Task prompt
Every record shown below should be duplicated exactly.
----- Information provided -----
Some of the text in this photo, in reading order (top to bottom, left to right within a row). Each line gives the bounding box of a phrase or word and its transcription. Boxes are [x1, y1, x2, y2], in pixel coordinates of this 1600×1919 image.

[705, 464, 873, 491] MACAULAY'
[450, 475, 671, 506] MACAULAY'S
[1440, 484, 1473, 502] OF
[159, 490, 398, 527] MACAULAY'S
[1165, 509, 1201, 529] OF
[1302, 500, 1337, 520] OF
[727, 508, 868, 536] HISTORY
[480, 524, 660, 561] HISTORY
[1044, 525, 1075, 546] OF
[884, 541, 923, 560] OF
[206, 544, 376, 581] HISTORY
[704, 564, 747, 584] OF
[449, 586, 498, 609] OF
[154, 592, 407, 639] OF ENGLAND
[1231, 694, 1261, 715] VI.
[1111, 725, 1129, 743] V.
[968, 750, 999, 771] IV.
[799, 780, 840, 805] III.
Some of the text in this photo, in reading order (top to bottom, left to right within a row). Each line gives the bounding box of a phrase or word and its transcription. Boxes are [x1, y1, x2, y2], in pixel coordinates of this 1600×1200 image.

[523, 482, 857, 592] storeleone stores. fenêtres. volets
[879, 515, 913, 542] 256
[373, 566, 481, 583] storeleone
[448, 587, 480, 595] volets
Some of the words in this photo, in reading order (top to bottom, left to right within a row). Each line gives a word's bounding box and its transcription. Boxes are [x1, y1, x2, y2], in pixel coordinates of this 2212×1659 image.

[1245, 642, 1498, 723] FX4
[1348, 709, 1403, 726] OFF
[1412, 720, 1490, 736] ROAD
-----
Task answer
Some of the text in this photo, in reading order (top to bottom, left to right within a row). Each line gives the bounding box of a phrase or word and its transcription. Boxes are [x1, y1, x2, y2], in pixel coordinates of this 1600×1919 image.

[705, 464, 873, 491] MACAULAY'
[450, 475, 671, 506] MACAULAY'S
[1440, 484, 1473, 502] OF
[159, 490, 398, 527] MACAULAY'S
[1165, 509, 1201, 529] OF
[1302, 500, 1337, 520] OF
[727, 508, 868, 536] HISTORY
[480, 524, 660, 561] HISTORY
[1044, 525, 1075, 546] OF
[884, 541, 923, 560] OF
[206, 544, 376, 581] HISTORY
[704, 564, 747, 584] OF
[449, 586, 498, 609] OF
[154, 592, 407, 639] OF ENGLAND
[1231, 694, 1261, 715] VI.
[1111, 725, 1129, 743] V.
[968, 750, 999, 771] IV.
[799, 780, 840, 805] III.
Some of the text in this photo, in reading order (top to bottom, left to right within a row). Each line gives the bounding box of a phrase or word and its transcription. Boxes are [x1, y1, x2, y2], in pixel coordinates of this 1600×1200 image.

[523, 482, 857, 592] storeleone stores. fenêtres. volets
[879, 515, 913, 542] 256
[373, 566, 481, 583] storeleone
[448, 587, 480, 595] volets
Some of the words in this photo, in reading order (top to bottom, left to right within a row). Each line gives a word's bounding box and its transcription. Boxes are [x1, y1, x2, y2], in pixel coordinates of this 2212×1659 image.

[1245, 642, 1498, 723] FX4
[1348, 709, 1403, 726] OFF
[1412, 720, 1490, 736] ROAD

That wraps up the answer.